Want to turn your brain farts into a great letter or document - they're perfect. Want it to write code (and tests) that you can scan through and ensure is correct - very near perfect, and in a tiny fraction of the time you can do it yourself.
So what if they have flaws... they're a frigging awesome tool for us to use. And like chess computers they're only going to get better.
this story over one Arse Technical was that Mira Murati couldn't face even the vaguest possibility of spending the better (worse) part of a decade sharing a facility with Elizabeth Holmes. For heaven's sake the prospect of tens years in the forced company of that decidely brain dead bunny boiler....
Theranos' greatest crime wasn't that it defrauded investors but rather that it deprived very powerful and, in their minds, important people of a minuscule part their certainly equally ill-gotten fortunes.
While OpenAI almost certainly hasn't broken any US laws that apply to normal people (so far), if the whole operation falls well short of the over spruiked benefits, as it very likely will, then the special offense of depriving the powerful and important will necessarily require fairly long terms of imprisionment for someone.
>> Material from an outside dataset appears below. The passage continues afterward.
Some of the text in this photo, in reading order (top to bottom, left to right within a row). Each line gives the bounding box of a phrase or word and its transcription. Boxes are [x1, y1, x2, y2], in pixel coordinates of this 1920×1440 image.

Mira and the other refugees have decided they don't want to be that someone.
....if the whole operation [OpenAI and the Inexorable Unbelievably Stealthy Advance of Almighty SMARTR AIMachines/Global Operating Devices] falls well short of the over spruiked benefits, as it very likely will,... ..... Bebu
To imagine both the very near and distant future to be little changed from the present and the past as the above quoted snippet of text surely suggests, Bebu, is something which the amazingly rapid progress of Learned Large Language Learning Machines and invested establishment vested interest terror and reluctance to submit and surrender and cede them leadership command and control would certainly disagree with and thus is everything being so feared and dismissed more likely than not to be rendered both practical and physicalised, virtual and metadataphysical.
And you're either for the AI Change or against it and IT and a Hostile Enemy Combatant of the Future with all of the very likely directly personal ramifications worthy of support for those choices.
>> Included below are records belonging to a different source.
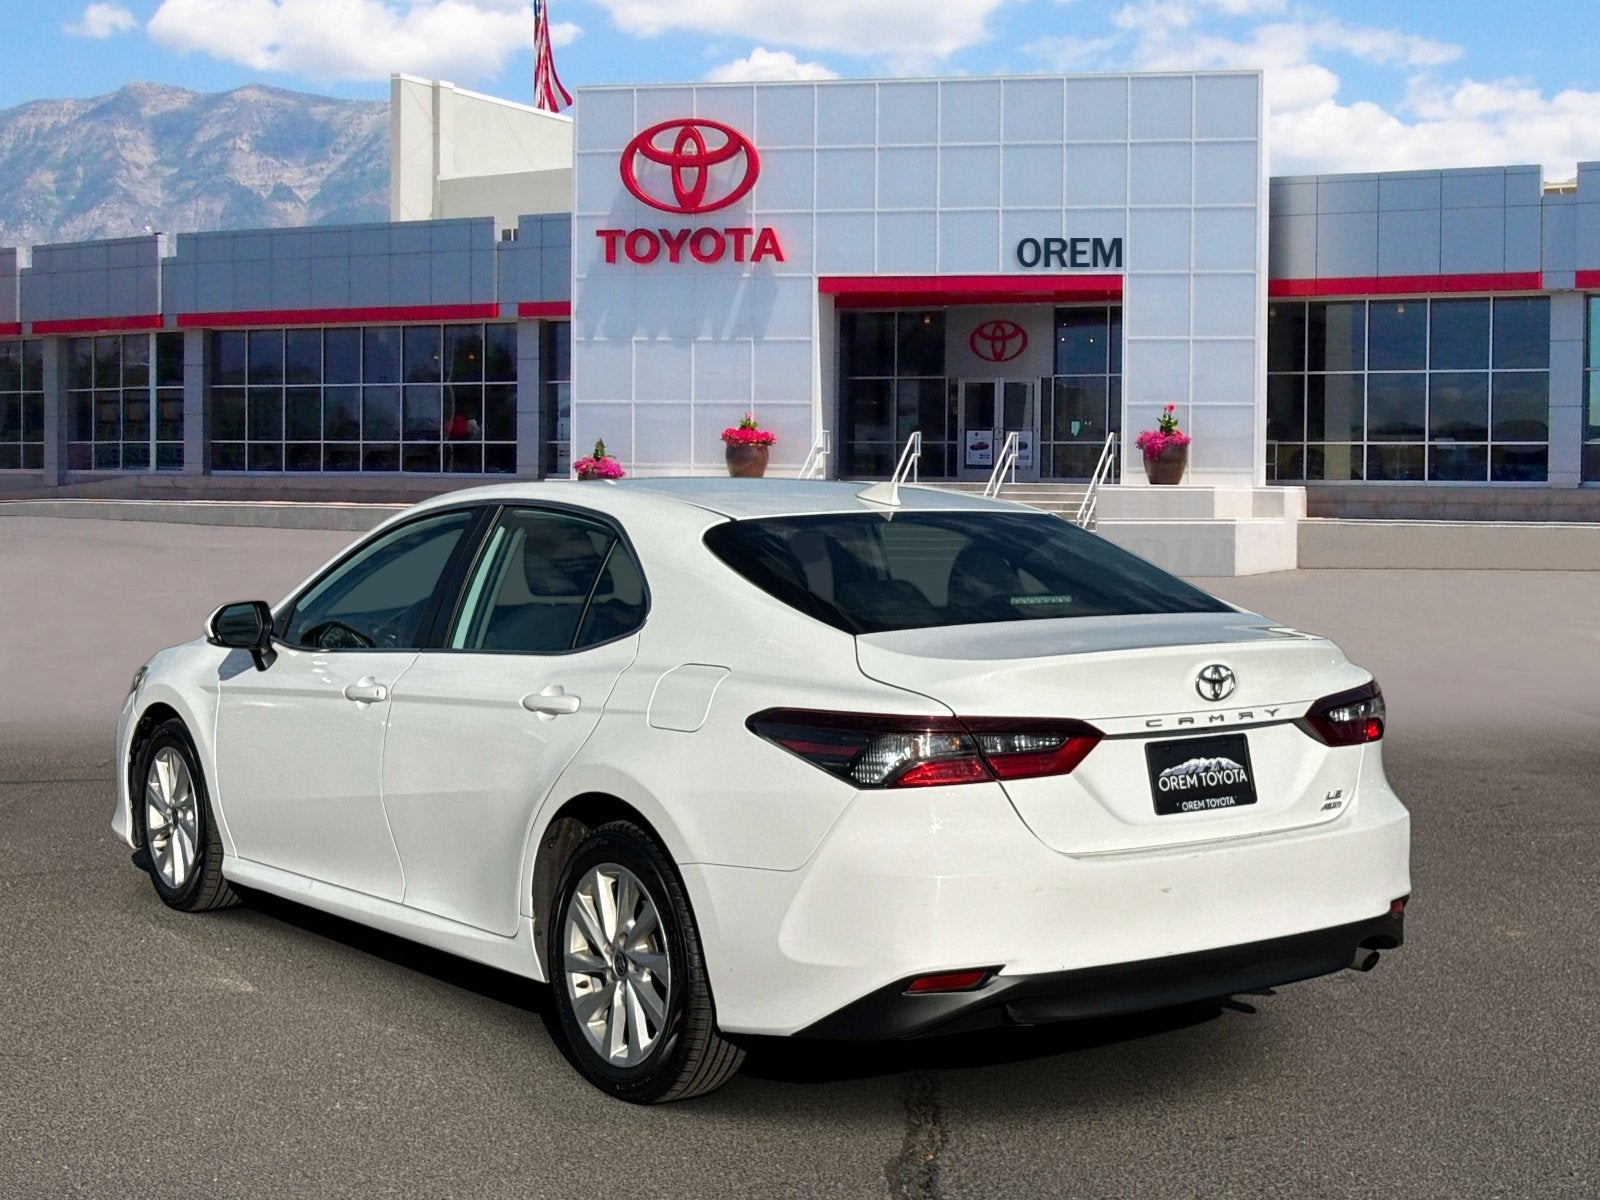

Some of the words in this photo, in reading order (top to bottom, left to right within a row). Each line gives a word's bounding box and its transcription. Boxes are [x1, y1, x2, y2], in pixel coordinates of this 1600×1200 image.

[596, 227, 785, 264] TOYOTA
[1016, 237, 1123, 268] OREM
[1145, 708, 1280, 728] CAMRY
[1159, 774, 1198, 792] OREM
[1200, 768, 1248, 787] TOYOTA
[1181, 799, 1205, 811] OREM
[1205, 796, 1236, 809] TOYOTA
[1325, 790, 1343, 801] LE
I'm with you on this one, Bebu is most likely a Hostile Enemy Combatant of the Grammatical Future Past Participle and Associated Conjugations in my book! ... and while we're in good terms, may I suggest: Learned Large Language Learning Machines Learned Large Language Learning Modern Machines -- or LLLLMM?
Rolls right off the thong ...
Whilst I might very well agree, AC, that 4L2M [LLLLMM/Learned Large Language Learning Modern Machines] is an even more accurate $L@M dunk, much greater cover and stealthier flexibility for delivery is provided and safeguarded by operands ensuring everything is not veering too far towards, and into specificities of AI, rather than the product remaining and exploring and displaying its generous general ubiquity and common equitable purpose in the multi-use, multi-disguise cloak that adorns and adores the simply complex moniker universally recognised just as AI.
AI is able to be like just a weapon ....... with the range in its arsenal fielding munitions mimicking the similarities to be found in the histories of conflict and wars employing developments ranging from a sharpened flint arrowhead and stout pointed stick right through a vast catalogue of goodies which currently might offer deadly nuclear explosive intercontinental ballistic missiles and anonymous catastrophically destructive exploits for Oday attack vulnerabilities known only to a certainly strange few in the thrall of ........ well, they would be those Rumsfeldian unknown unknowns — the ones we don't know we don't know. And if one looks throughout the history of our country and other free countries, it is the latter category that tends to be the difficult ones* ..... of Cyber Space Forces of Immaculate Source and Infinitely Resourceful Assets.